ATLANTA -- At a routine ultrasound when she was five months pregnant, Hevan Lunsford began to panic when the technician took longer than normal, then told her she would need to see a specialist.
Lunsford, a nurse in Alabama, knew it was serious and begged for an appointment the next day.
That's when the doctor gave her and her husband the heart-wrenching news: The baby boy they decided to name Sebastian was severely underdeveloped and had only half a heart. If he survived, he would need care to ease his pain and several surgeries. He may not live long.
Lunsford, devastated, asked the doctor about ending the pregnancy.
"I felt the only way to guarantee that he would not have any suffering was to go through with the abortion," she said of that painful decision nearly three years ago.
But the doctor said Alabama law prohibits abortions after five months. He handed Lunsford a piece of paper with information for a clinic in Atlanta, a roughly 180-mile drive east.
Lunsford is one of thousands of women in the U.S. who have crossed state lines for an abortion in recent years as states have passed ever stricter laws and as the number of clinics has declined.
Although abortion opponents say the laws are intended to reduce abortions and not send people to other states, at least 276,000 women terminated their pregnancies outside their home state between 2012 and 2017, according to an Associated Press analysis of data collected from state reports and the U.S. Centers for Disease Control and Prevention.
In New Mexico, the number of women from out of state who had abortions more than doubled in that period, while Missouri women represented nearly half the abortions performed in neighboring Kansas.
"The procedure itself was probably the least traumatic part of it," Lunsford said. "If it would have been at my hospital, there would have been a feeling like what I was doing was OK and a reasonable choice."
While abortions across the U.S. are down, the share of women who had abortions out of state rose slightly, by half a percentage point, and certain states had notable increases over the six-year period, according to AP's analysis.
In pockets of the Midwest, South and Mountain West, the number of women terminating a pregnancy in another state rose considerably, particularly where a lack of clinics means the closest provider is in another state or where less restrictive policies in a neighboring state make it easier and quicker to terminate a pregnancy there.
"In many places, the right to abortion exists on paper, but the ability to access it is almost impossible," said Amy Hagstrom Miller, CEO of Whole Women's Health, which operates seven abortion clinics in Maryland, Indiana, Texas, Virginia and Minnesota. "We see people's access to care depend on their ZIP code."
Nationwide, women who traveled from another state received at least 44,860 abortions in 2017, the most recent year available, according to the AP analysis of data from 41 states.
That's about 10% of all reported procedures that year, but counts from nine states, including highly populated California and Florida, and the District Columbia were not included either because they were not collected or reported across the full six years.

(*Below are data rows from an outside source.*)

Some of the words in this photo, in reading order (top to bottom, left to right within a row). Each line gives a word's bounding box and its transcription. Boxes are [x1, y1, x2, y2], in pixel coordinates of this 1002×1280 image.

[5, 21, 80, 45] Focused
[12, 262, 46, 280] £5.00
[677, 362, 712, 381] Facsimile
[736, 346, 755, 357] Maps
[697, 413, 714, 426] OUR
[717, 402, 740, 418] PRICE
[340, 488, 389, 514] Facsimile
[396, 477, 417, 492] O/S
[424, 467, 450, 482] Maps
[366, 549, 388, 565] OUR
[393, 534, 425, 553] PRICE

Thirteen states saw a rise in the number of out-of-state women having abortions between 2012 and 2017.
New Mexico's share of abortions performed on women from out of state more than doubled from 11% to roughly 25%. One likely reason is that a clinic in Albuquerque is one of only a few independent facilities in the country that perform abortions close to the third trimester without conditions.
Georgia's share of abortions involving out-of-state women rose from 11.5% to 15%, while North Carolina saw its share increase from 16.6% to 18.5%. North Carolina had one of the highest shares of out-of-state abortions in 2017. While both states have passed restrictive laws, experts and advocates say they are slightly more accessible than some of their surrounding states.

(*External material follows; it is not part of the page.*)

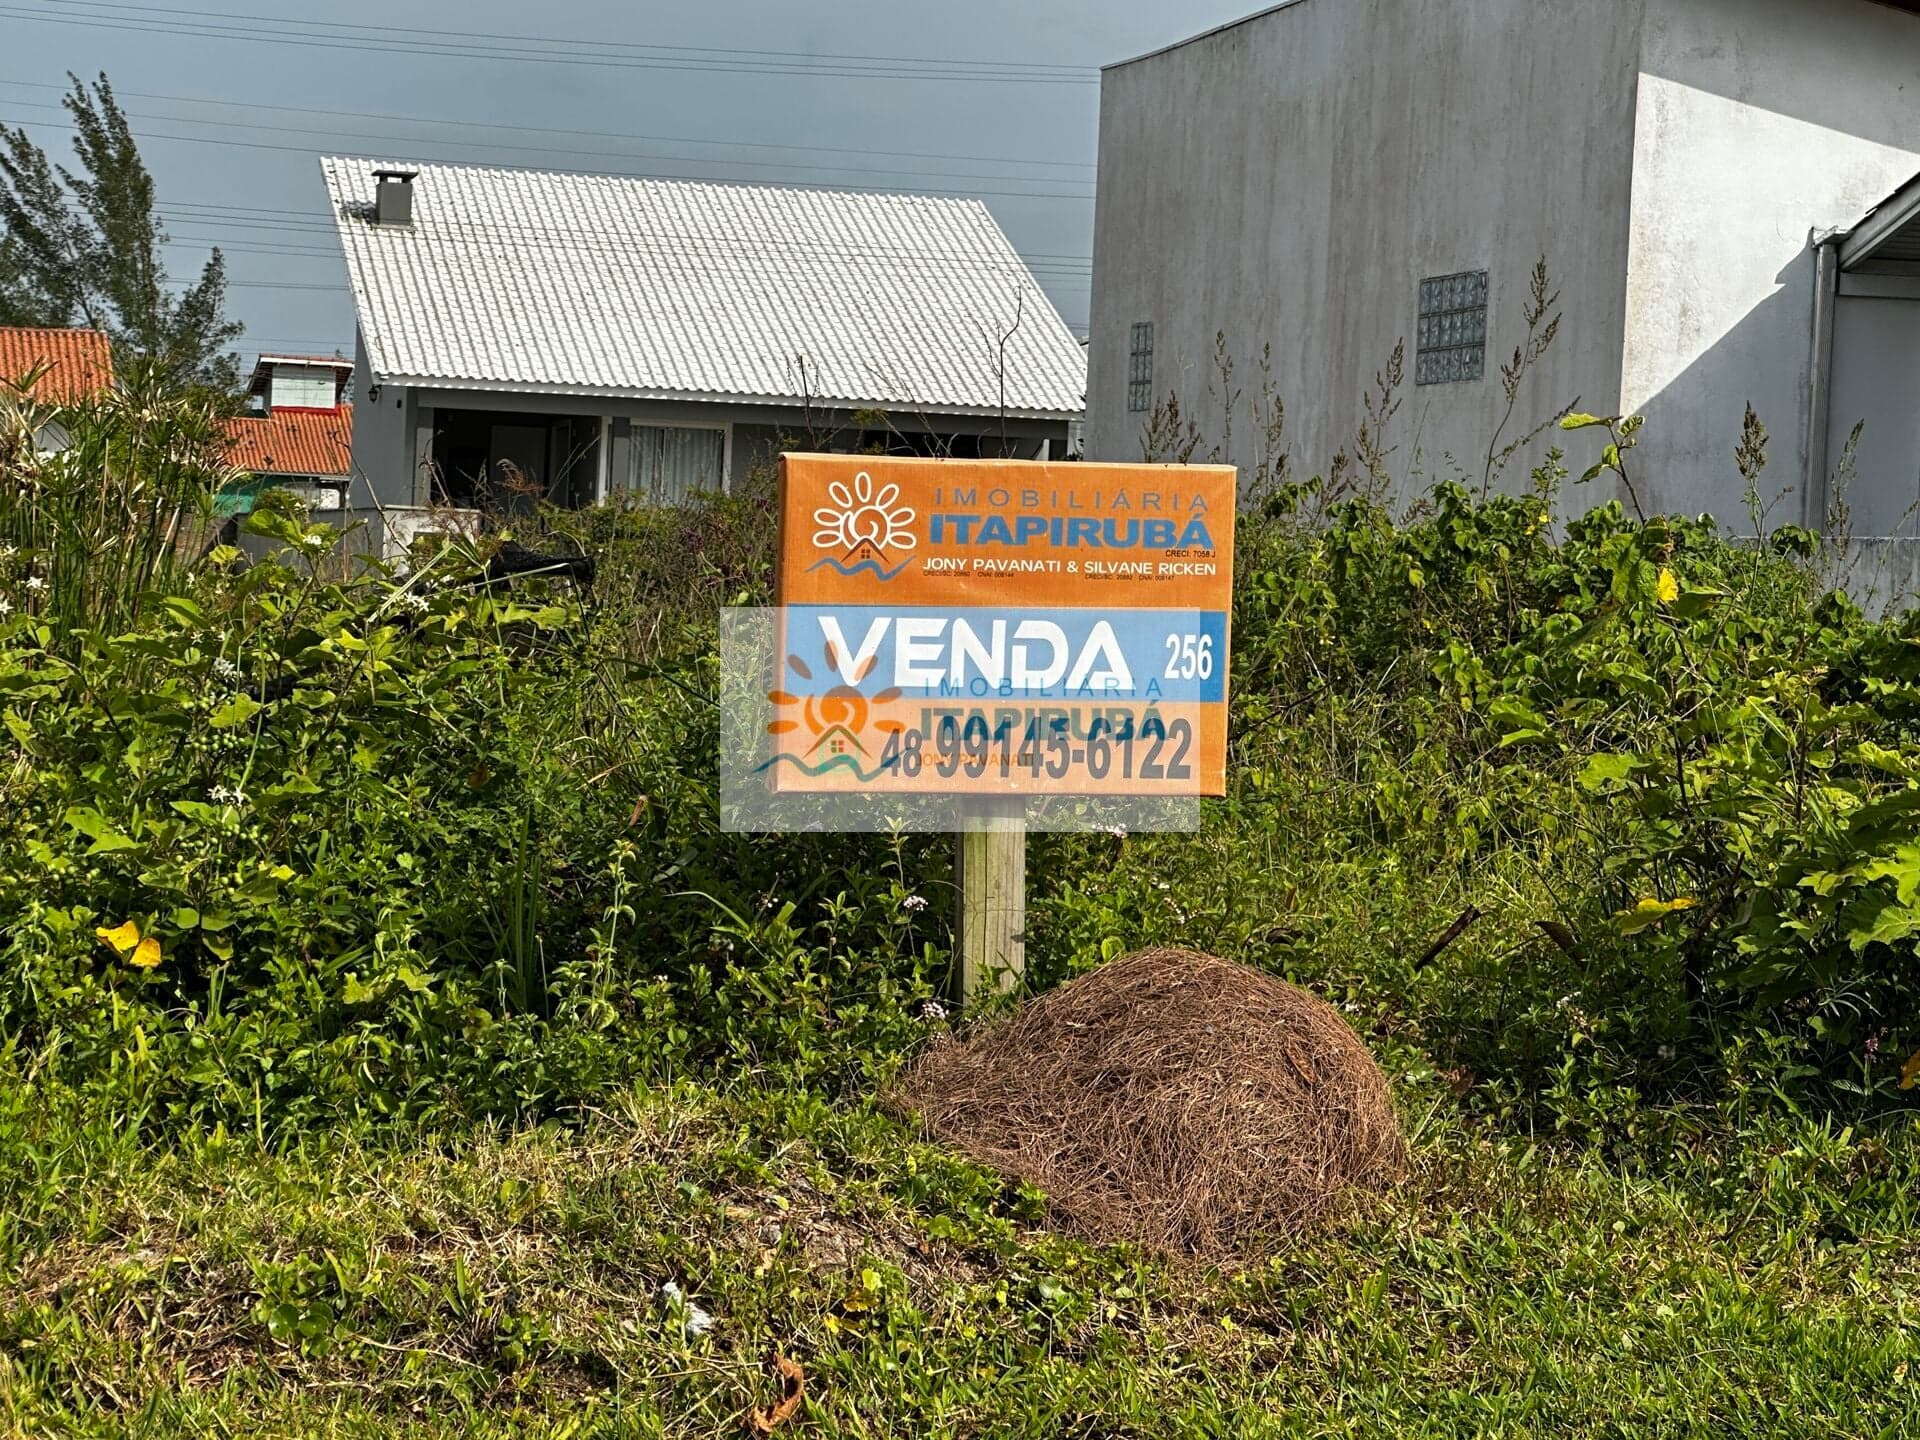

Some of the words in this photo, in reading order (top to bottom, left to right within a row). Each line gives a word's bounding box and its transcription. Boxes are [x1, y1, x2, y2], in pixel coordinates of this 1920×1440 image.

In Illinois, the percentage of abortions performed on non-residents more than doubled to 16.5% of all reported state abortions in 2017. That is being driven in large part by women from Missouri, one of six states with only a single abortion provider.
Even that provider, in St. Louis, has been under threat of closing after the state health department refused to renew its license.
Missouri lawmakers also passed a law this year that would ban almost all abortions past eight weeks of a pregnancy, but it faces a legal challenge.
About 10 miles from St. Louis, across the Mississippi River, is the Hope Clinic in Granite City, Illinois, which has seen a 30% increase in patients this year and has added two doctors, deputy director Alison Dreith said.
About 55 percent of its patients come from Missouri, and it also sees women from Indiana, Kentucky and Ohio. All those states have mandatory waiting periods to receive an abortion, a requirement Illinois does not have.